Elite: Dangerous
When boring is good
Release Date: OUT NOW!
Format reviewed: Platform PC Publisher: Frontier
Elite:
Dangerous succeeds at much, but it isn’t finished. A game of this scale might never be. Frontier has drawn a line under the game’s lengthy beta at a point where it is, arguably, feature complete. It’s a space game where you can hunt, trade, pirate, smuggle and explore across a 1: 1 model of the Milky Way – but where many of those features lack the depth that might give them meaning, or the variety that might reward lasting engagement.
In part, Dangerous is great because it is boring. This is a sim, committed to its own part- science, part- fiction set of rules and mechanics. It’s not interested in being a piece of entertainment that you pick up and consume. Elite’s Milky Way is a place that you inhabit, criss- crossed by ships that behave like real machines and governed by systems of trade, law and political power that churn away according to complicated, directorless algorithms.
Other games have attempted the same, but none have approached Dangerous’ degree of fidelity or visual spectacle. Every player will, at some point, tell the story of the first time they discovered a dying star or saw a capital ship materialise in the middle of a heated battle. You will, whether or not you appreciate it consciously, benefit from the extraordinary attention paid to the little things: docking animations, station detail, utterly extraordinary sound design.
As an MMO ( a classification that doesn’t quite suit Elite, but it’s an online- only game) it’s reliant on influence percentages and reputation ratings to determine who rules what. Sadly, you personally are unlikely to ever really change anything. Even when the community attempted to force regime change in a system through mass intervention, nothing really came of it. The game also needs tweaks to its balance and progression curves, intelligent alterations to the algorithms that generate content to discourage repetition, and a substantial injection of depth into its influence systems. It needs more stuff, and deeper stuff.

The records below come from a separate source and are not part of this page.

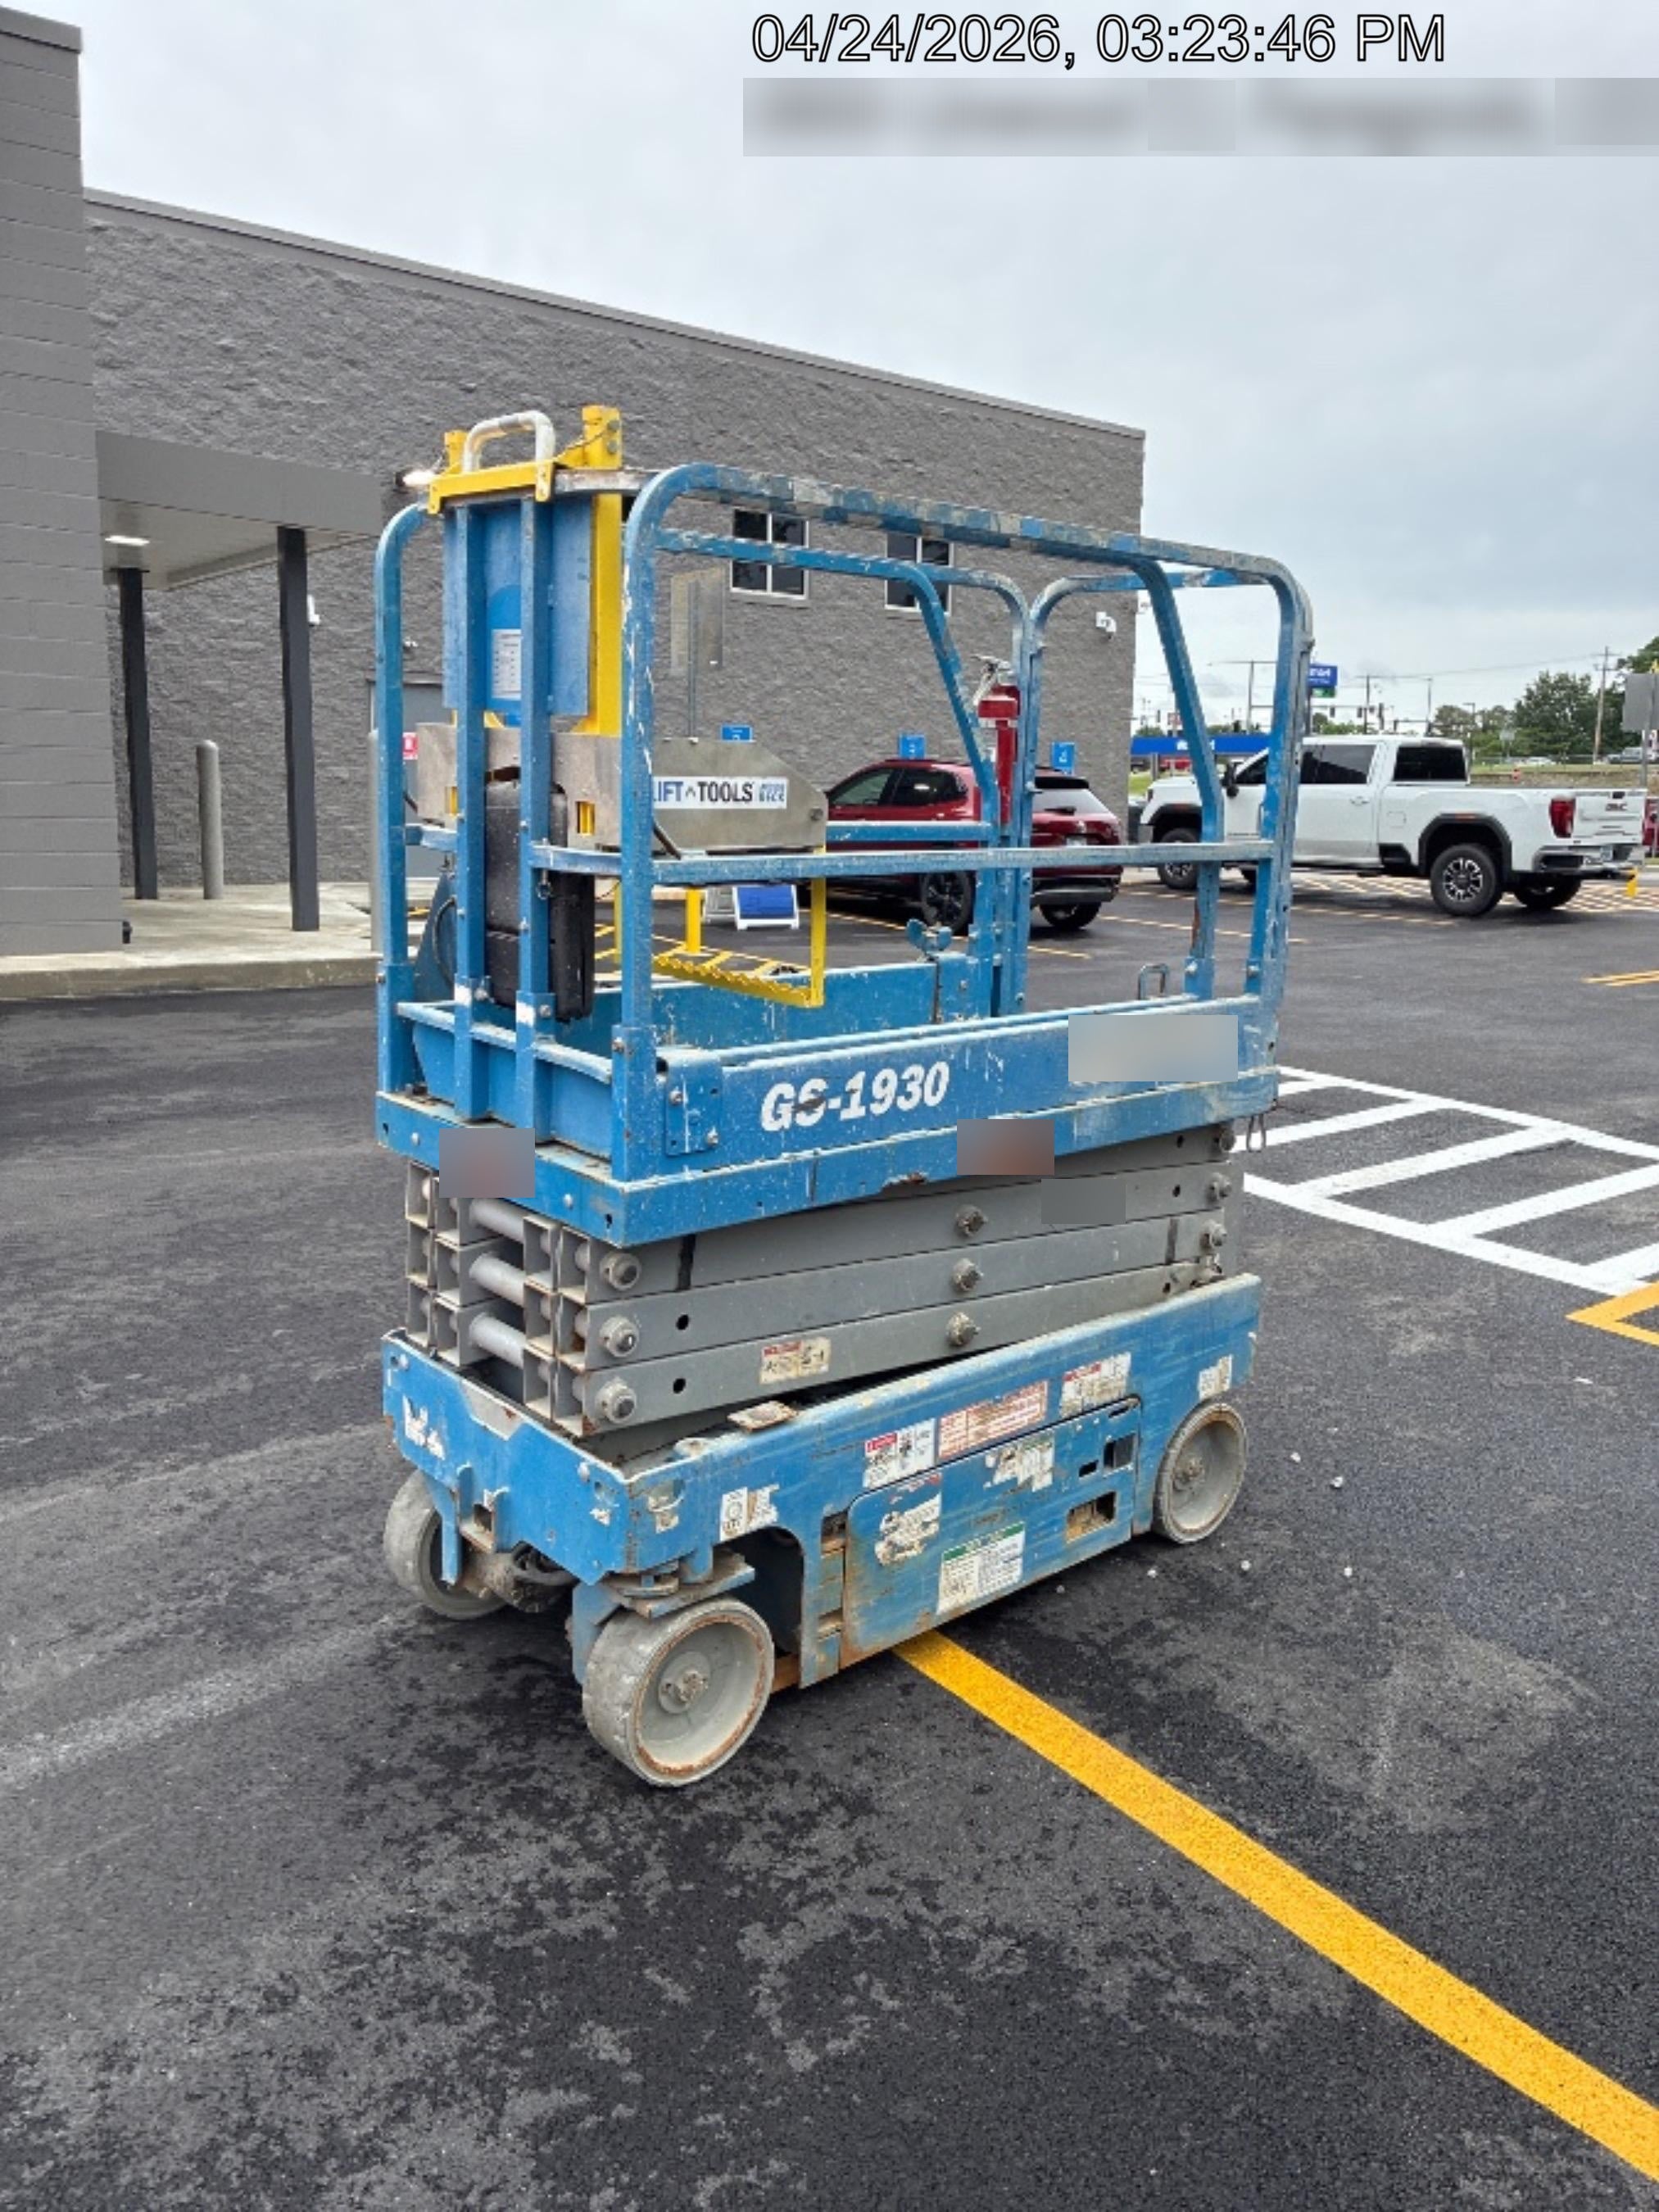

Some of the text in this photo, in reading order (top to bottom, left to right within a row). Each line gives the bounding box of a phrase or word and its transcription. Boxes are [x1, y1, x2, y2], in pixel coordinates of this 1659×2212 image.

[654, 781, 684, 802] IFT
[697, 781, 753, 803] TOOLS
[760, 1061, 950, 1132] GS-1930
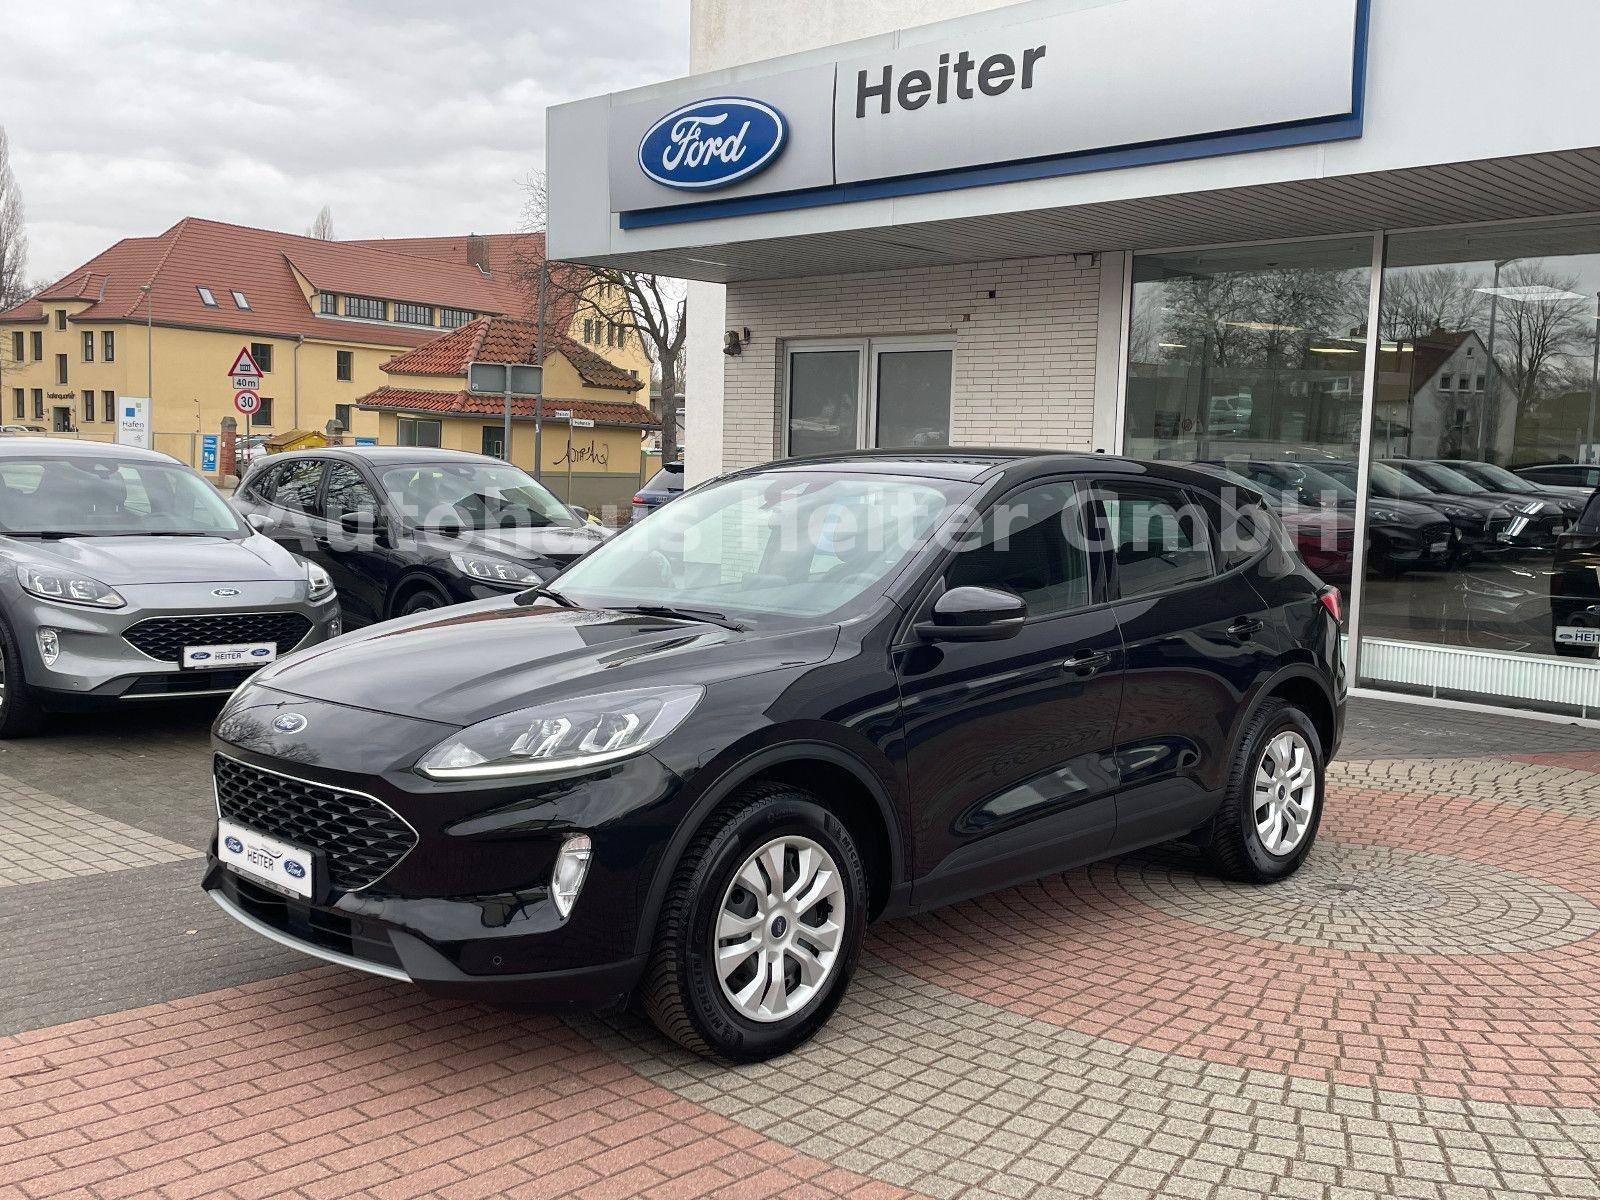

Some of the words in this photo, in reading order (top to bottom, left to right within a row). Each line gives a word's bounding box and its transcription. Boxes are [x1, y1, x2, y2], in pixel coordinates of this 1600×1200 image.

[855, 45, 1047, 118] Heiter
[662, 112, 751, 171] Ford
[237, 379, 247, 387] 40
[240, 396, 254, 408] 30
[215, 653, 242, 661] HEITER
[247, 849, 275, 872] HEITER
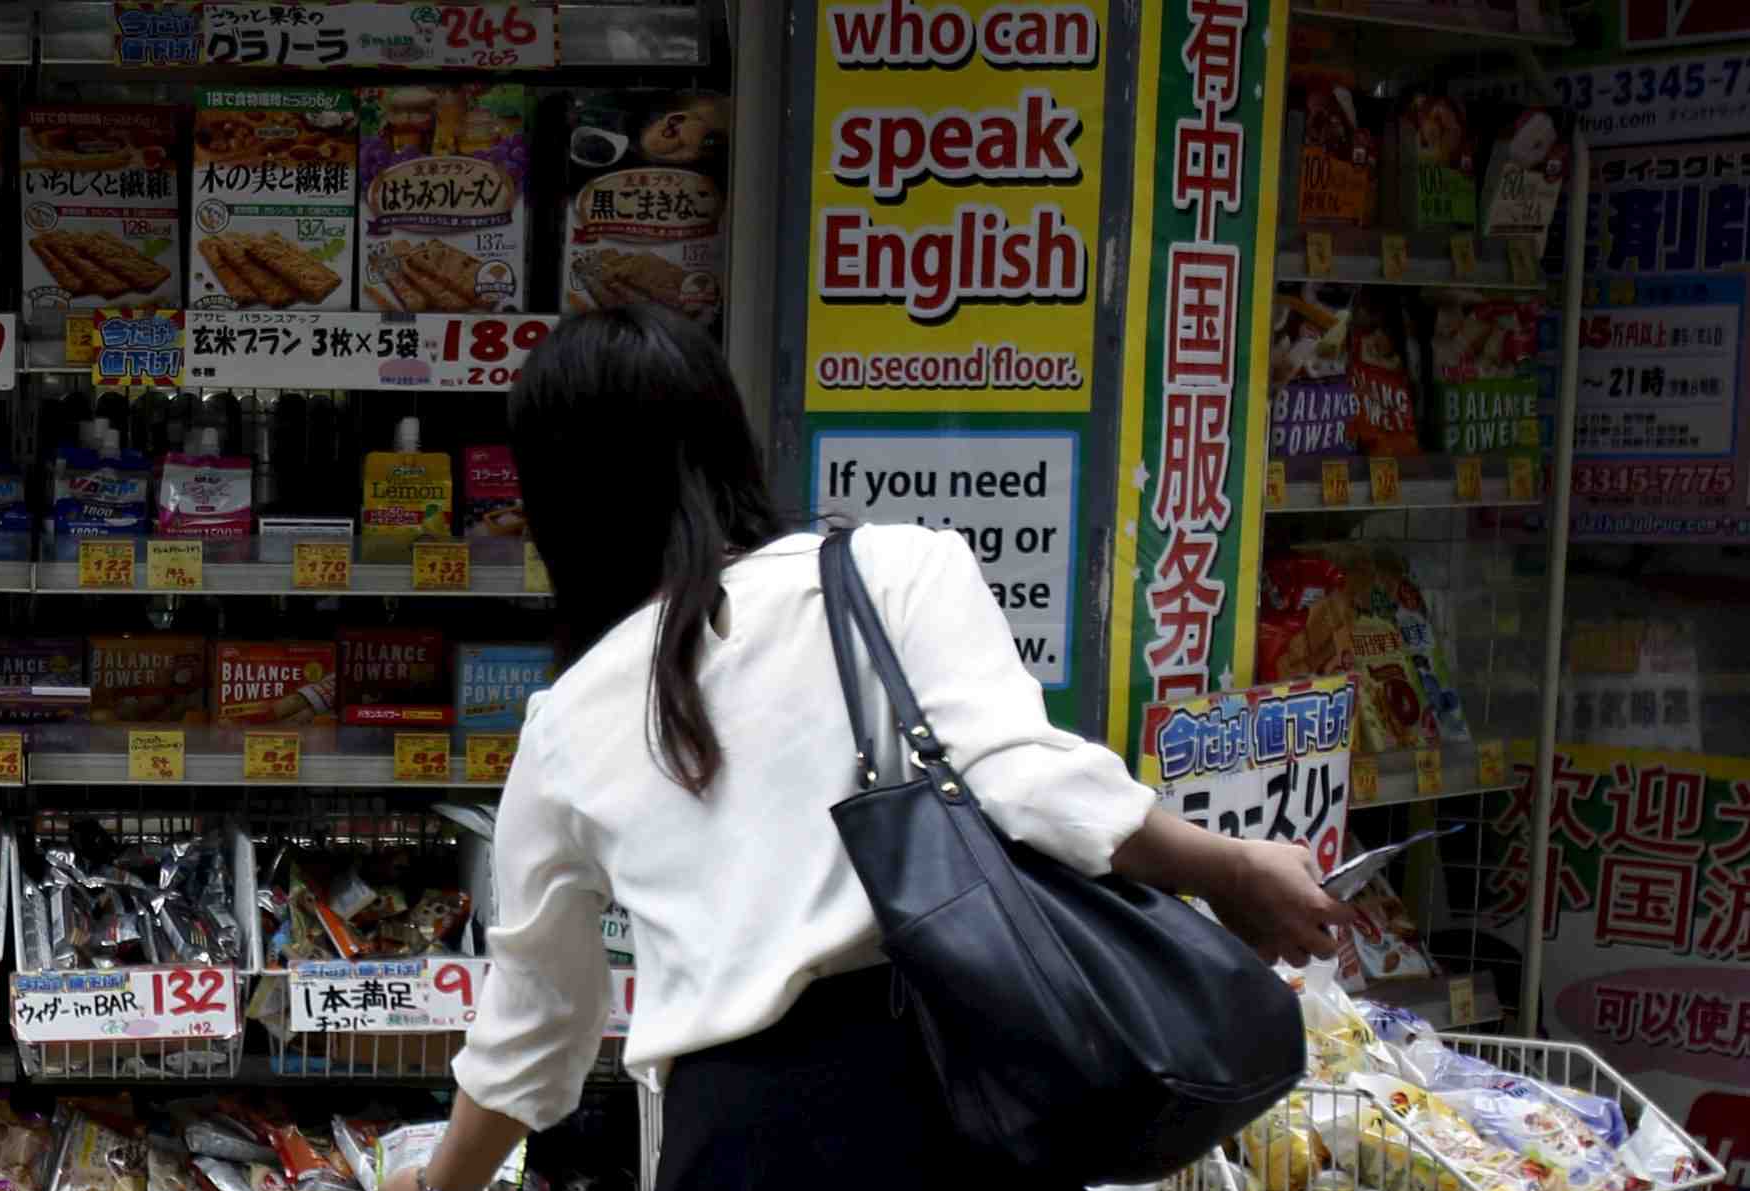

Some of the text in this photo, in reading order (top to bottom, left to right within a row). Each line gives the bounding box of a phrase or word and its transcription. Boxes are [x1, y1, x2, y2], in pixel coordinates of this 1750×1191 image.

[446, 7, 536, 47] 246
[834, 5, 1089, 56] who can
[208, 29, 347, 64] グラノーラ
[473, 50, 518, 66] 265
[840, 97, 1068, 185] speak
[381, 175, 500, 211] はちみつレーズン
[591, 190, 711, 220] 黒ごまきなこ
[825, 212, 1075, 309] English
[819, 348, 1080, 384] on second floor.
[1150, 0, 1246, 698] 有中国服务
[371, 482, 443, 498] Lemon
[830, 461, 1046, 506] If you need
[1017, 527, 1056, 553] or
[222, 662, 302, 682] BALANCE
[463, 664, 543, 683] BALANCE
[221, 682, 285, 703] POWER
[463, 684, 526, 703] POWER
[153, 969, 228, 1016] 132
[302, 982, 418, 1017] 1本満足

But its weaknesses only come to light because of its strengths; Elite is capable of delivering some of the best stories about spaceships that you’ve ever taken part in. It’s a great game and, with time, potentially a classic. Much rests on Frontier’s ability to build on these broad but somewhat shallow foundations. Chris Thursten This is the fourth in the Elite franchise, but the first since 1995’ s Frontier: First Encounters. Which was rubbish.